Thiopental is a thiobarbiturate that enhances the action of GABA at the GABA-A receptor. It binds to the barbiturate binding site of the receptor, prolongs the opening time of the chloride channel, and leads to hyperpolarization of the neuronal membrane. This results in strong central depression with hypnosis, sedation, and anticonvulsant effects. Unlike benzodiazepines, barbiturates work even in the absence of GABA, which enhances the hypnotic effect but also promotes respiratory depression.

Thiopental has a pronounced cerebral effect with reduction of cerebral metabolism (CMRO2), cerebral blood flow, and intracranial pressure. These properties make it an established substance in neurosurgical anesthesia and in the treatment of severe traumatic brain injuries. The anticonvulsant effect is very strong, making thiopental reserve therapy for refractory status epilepticus.

Pharmacokinetically, thiopental shows very rapid penetration to the brain after intravenous administration (loss of consciousness within 30 seconds). The duration of action after a single dose is 5 to 10 minutes because thiopental rapidly redistributes from the brain to peripheral tissues. The elimination half-life is 8 to 12 hours, so accumulation occurs after multiple doses or continuous infusion and the awakening time is significantly prolonged. Metabolism occurs predominantly in the liver.

Indications

• Induction of anesthesia in anesthesia, especially in patients with elevated intracranial pressure or during neurosurgical procedures
• Refractory status epilepticus, when benzodiazepines, phenytoin, and levetiracetam show insufficient efficacy
• Reduction of intracranial pressure in severe traumatic brain injury, ischemic stroke with cerebral edema, or other conditions with increased intracranial pressure
• Brain protection in neurosurgery, in specific indications such as carotid endarterectomy
• Sedation in intensive care medicine, rather as a reserve solution when modern hypnotics fail or are not tolerated

Thiopental is not indicated for routine anesthesia in ambulatory anesthesia because propofol provides better awakening quality. Also not in obstetrics because thiopental crosses the placenta and can depress the newborn.

Dosage and Administration

Induction of anesthesia in adults: 3 to 5 mg per kg body weight intravenously, injected slowly over approximately 20 to 30 seconds. In elderly or hemodynamically unstable patients, reduced dose (1 to 3 mg per kg).

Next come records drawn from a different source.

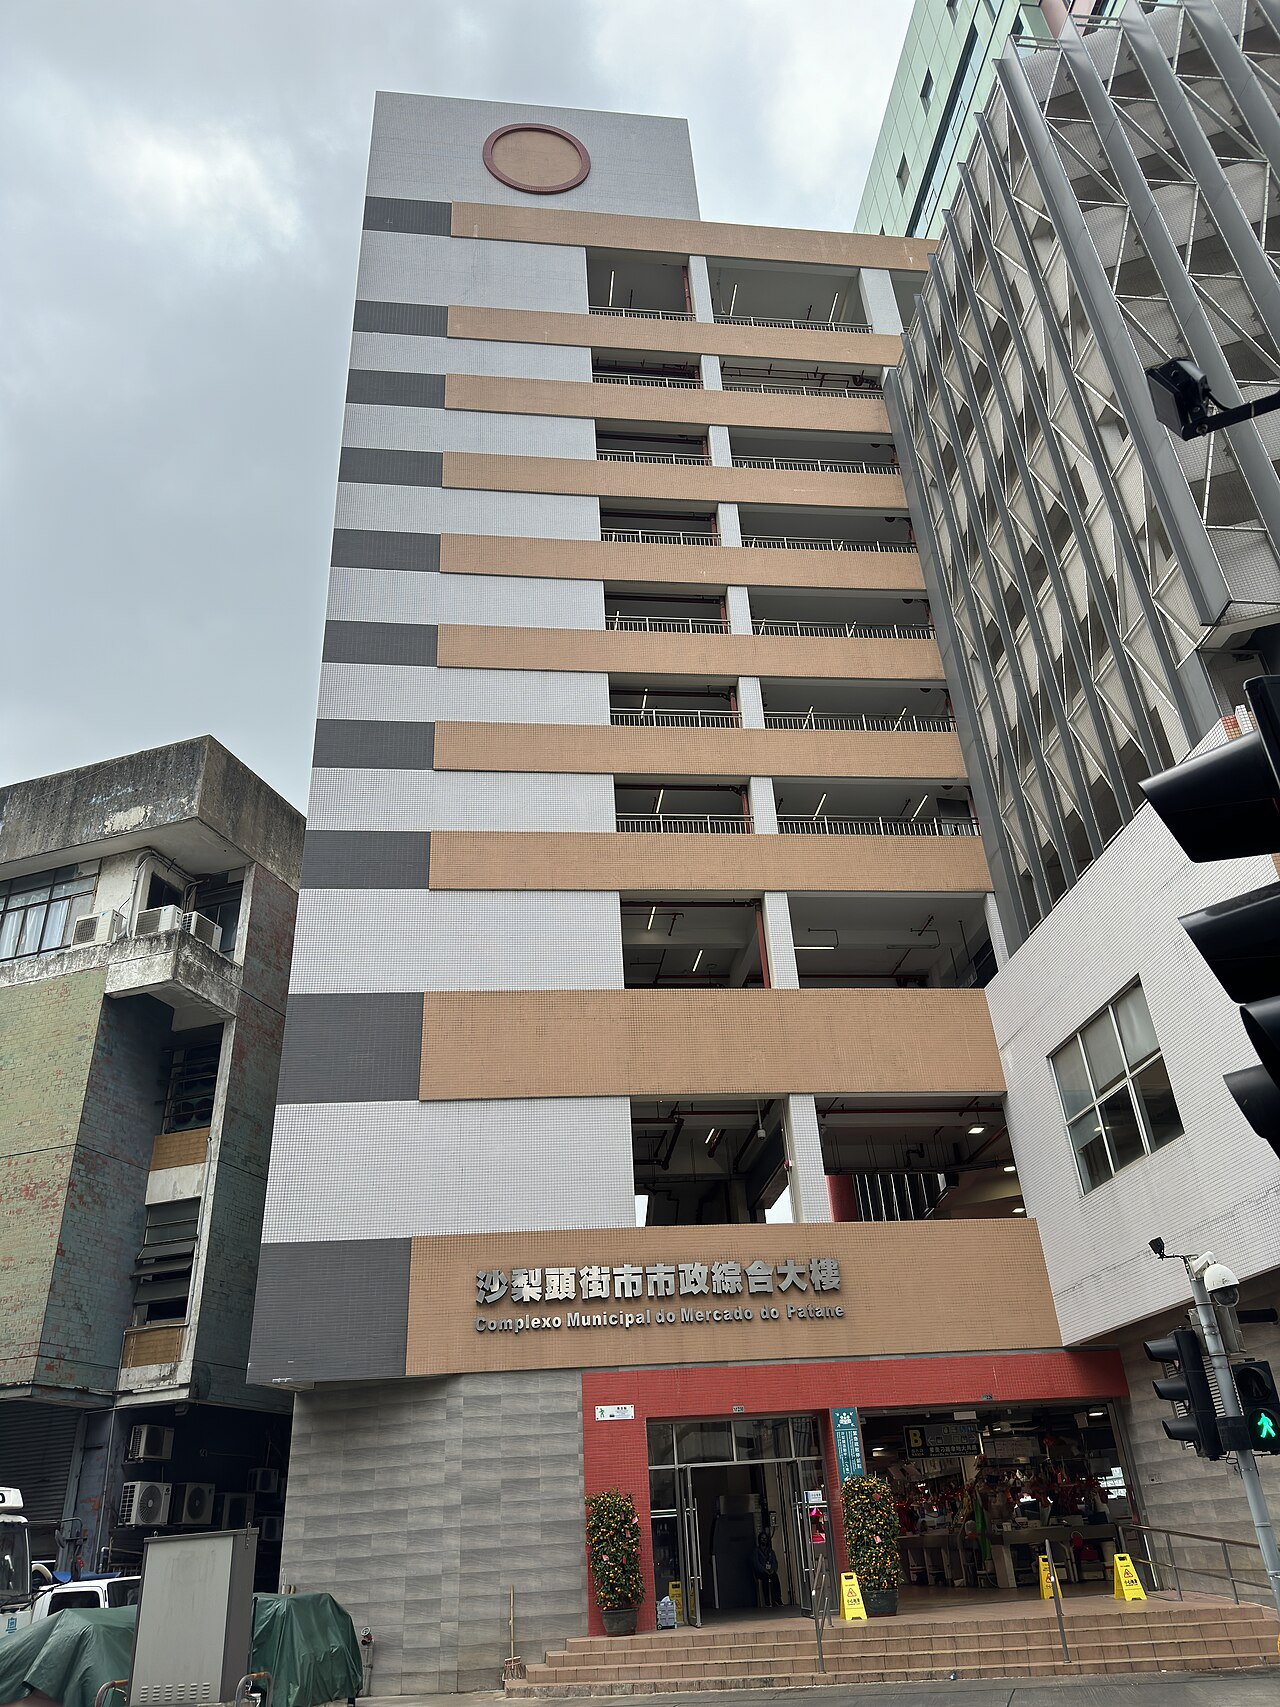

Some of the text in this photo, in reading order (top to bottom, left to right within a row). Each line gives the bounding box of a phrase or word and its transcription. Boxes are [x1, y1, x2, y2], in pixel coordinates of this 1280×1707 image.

[476, 1258, 840, 1304] 沙梨頭街市市政綜合大樓
[475, 1303, 845, 1334] Complexo Municipal do Mercado do Patane
[909, 1430, 922, 1447] B
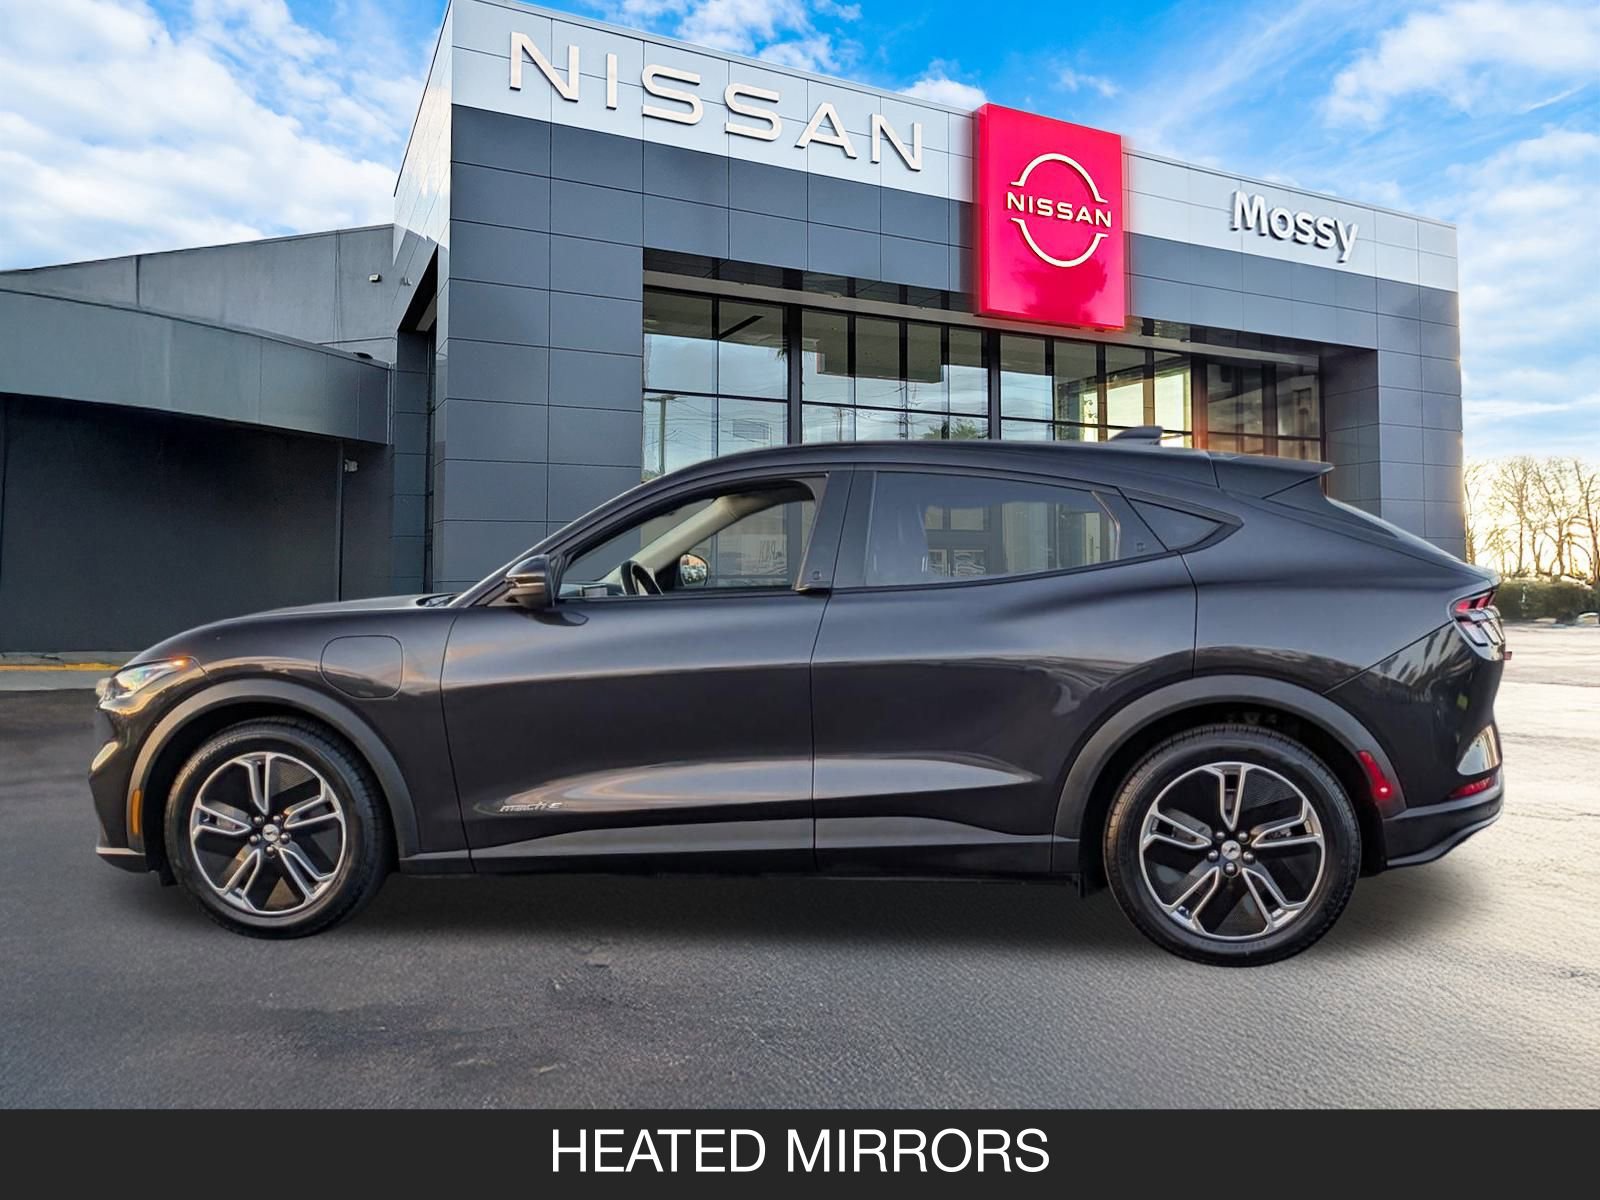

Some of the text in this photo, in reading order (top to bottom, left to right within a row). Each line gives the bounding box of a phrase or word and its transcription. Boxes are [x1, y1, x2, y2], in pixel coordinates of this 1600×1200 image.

[508, 31, 923, 172] NISSAN
[1006, 191, 1112, 228] NISSAN
[1231, 190, 1359, 263] Mossy

Refractory status epilepticus: Loading dose 3 to 5 mg per kg, followed by continuous infusion 3 to 5 mg per kg per hour. Adjustment based on EEG (burst suppression) and clinical response.

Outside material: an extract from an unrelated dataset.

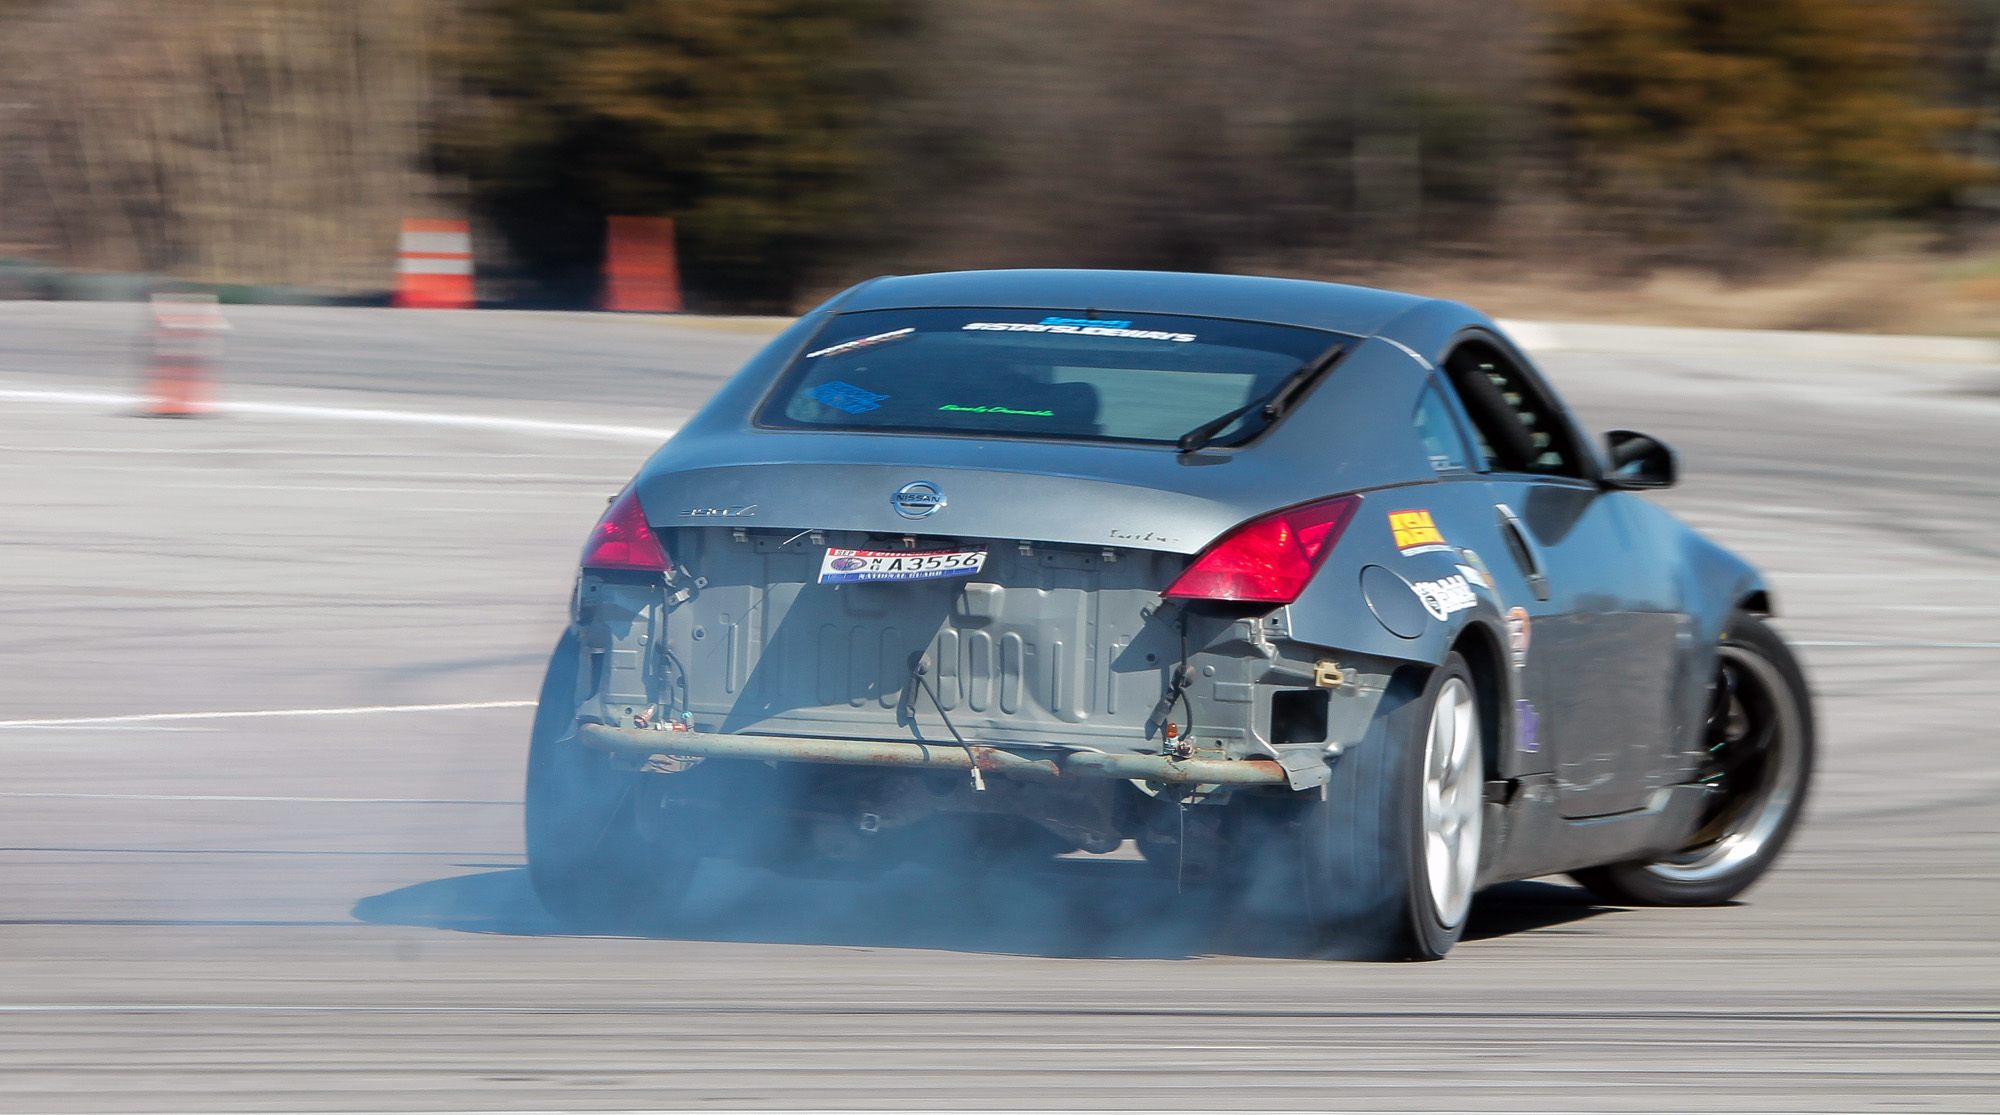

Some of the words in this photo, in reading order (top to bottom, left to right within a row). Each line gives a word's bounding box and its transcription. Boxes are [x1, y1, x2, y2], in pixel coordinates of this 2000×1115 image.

Intracranial pressure management: Loading dose 5 to 10 mg per kg, continuous infusion 1 to 5 mg per kg per hour according to intracranial pressure and EEG.

Pediatric: 4 to 6 mg per kg for induction. In children, dosing is weight-adapted in specialized pediatric anesthesia and intensive care settings.

Administration: exclusively intravenous via secure access, injected slowly. During bolus injection, it should not be administered too rapidly to avoid pronounced hypotension. Continuous EEG monitoring is advisable during continuous infusion.

Renal impairment: generally no dose adjustment is required because hepatic elimination predominates. Hepatic impairment: caution with severe impairment because of prolonged duration of action.

Important: accidental intraarterial injection can cause severe vasospasm with tissue necrosis. Immediate therapy with intraarterial heparin administration and sympatholytics is required.

Side Effects

Very common: respiratory depression up to apnea, hypotension, bradycardia, pain at injection site, cough, and hiccup.

Common: postoperative fatigue, drowsiness, nausea, vomiting, paradoxical agitation during awakening.

Occasional to rare: allergic reactions including anaphylaxis, bronchospasm, histamine release with skin redness, severe hypotension in patients with hypovolemia or cardiac disease, laryngospasm with shallow anesthesia.

With intraarterial injection: severe vasospasm with ischemic tissue damage, possibly loss of the affected limb. Acute therapy is mandatory.

Acute intermittent porphyria: thiopental is absolutely contraindicated because it can trigger a life-threatening porphyria crisis.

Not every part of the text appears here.